Atualidades

A estranha geração que não aceita lidar com números

Dou aula de gerenciamento de riscos em projetos há muitos anos, e acho o assunto fascinante. E uma das primeiras coisas que explico aos alunos é que a expressão “Risco zero” nunca deve ser utilizada, porque representa uma contradição; se há risco, é diferente de zero. Pode ser um milésimo por cento, mas não é zero. Risco zero é para fatos consumados. Usando um triste exemplo recente, costumo dizer que a diferença entre o Brasil e os países civilizados é que nestes, quando um bandido é condenado pela justiça, ele vai em cana e não tem mais risco. Na terra Brasilis, sempre se arranja uma instância a mais, portanto o risco do bandido ficar solto nunca desaparece… Enfim, foi só uma piadinha. Segue o baile.

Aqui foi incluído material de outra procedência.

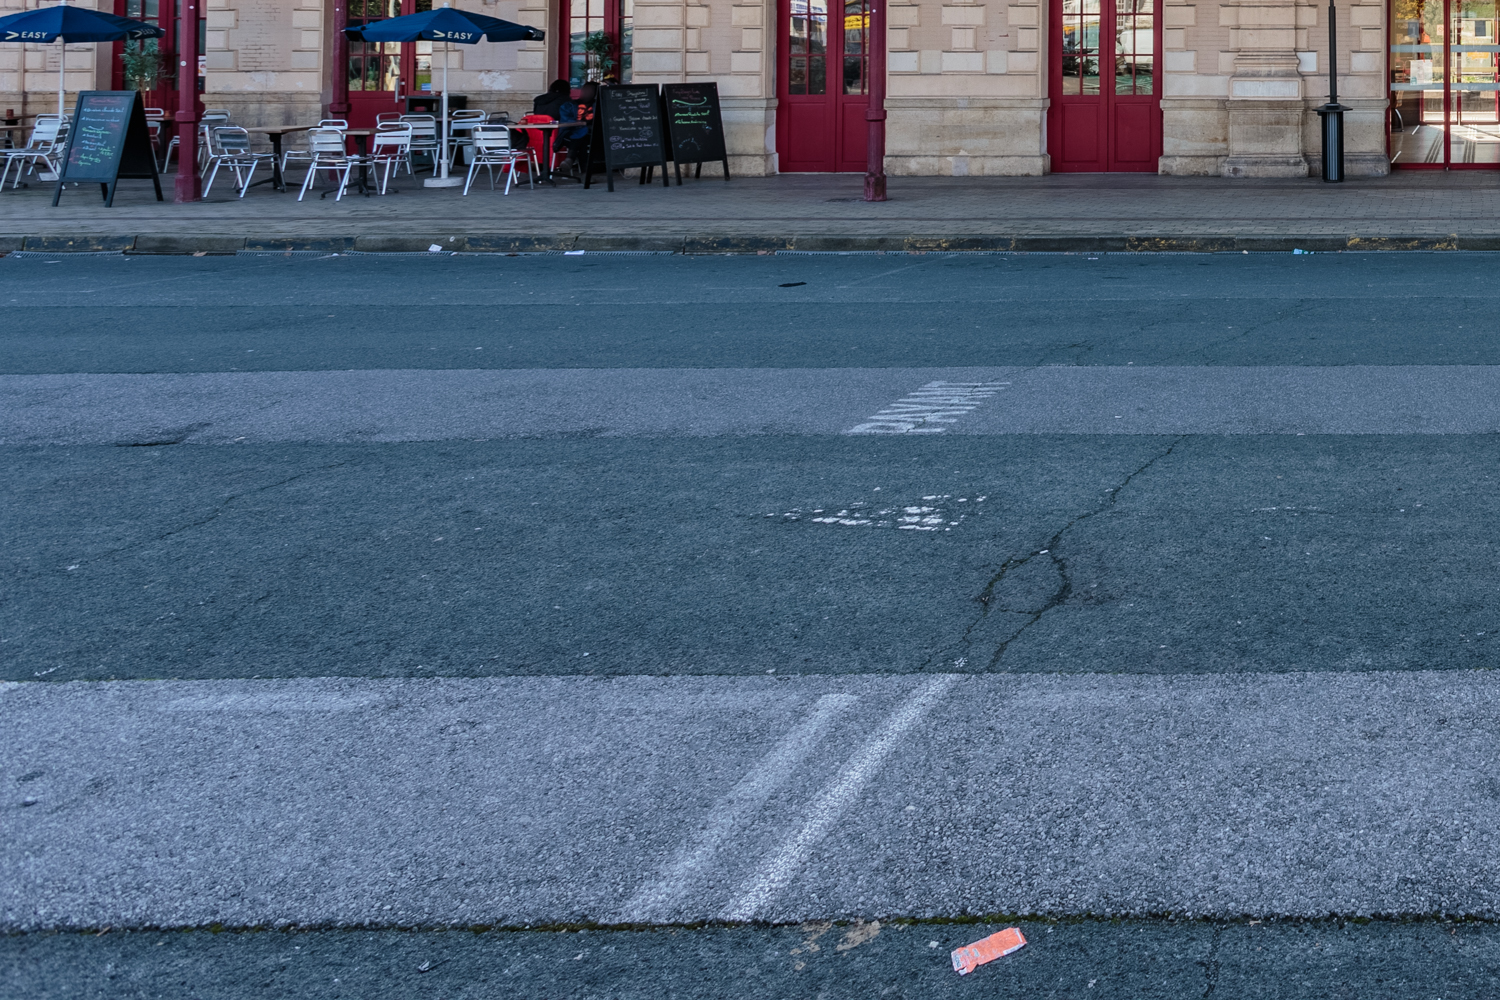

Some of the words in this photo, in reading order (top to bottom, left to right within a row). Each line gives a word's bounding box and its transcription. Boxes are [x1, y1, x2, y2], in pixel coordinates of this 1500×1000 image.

[21, 31, 48, 39] EASY
[447, 31, 473, 40] EASY
[848, 380, 1011, 434] PAYANT

Desde sempre, viver é colocar-se em risco. E a evolução da civilização pode ser medida pela diminuição dos riscos a que o ser humano está submetido. Nossos ancestrais saiam da caverna para caçar o almoço com boas possibilidades de acabar servindo de almoço para os predadores, ou inimigos canibais. Depois de séculos e séculos diminuímos enormemente os nossos riscos de morte; a pesquisa médica encontrou a cura para muitas doenças, a melhor qualidade de informação fez com que as pessoas adotassem hábitos mais saudáveis, e, da metade do século XX para cá, somou-se a tudo isto um período inédito de mais de 70 anos sem conflitos globais de grande escala. O resultado matemático desta conjunção de fatos é que, entre 1950 e 2020, a expectativa de vida média das pessoas no mundo subiu de 46 para 71 anos (valores aproximados), e, como não foi adotada nenhuma medida global de planejamento familiar, a população do planeta explodiu de 2,5 para quase 8 bilhões de habitantes no mesmo período. Com viés de alta.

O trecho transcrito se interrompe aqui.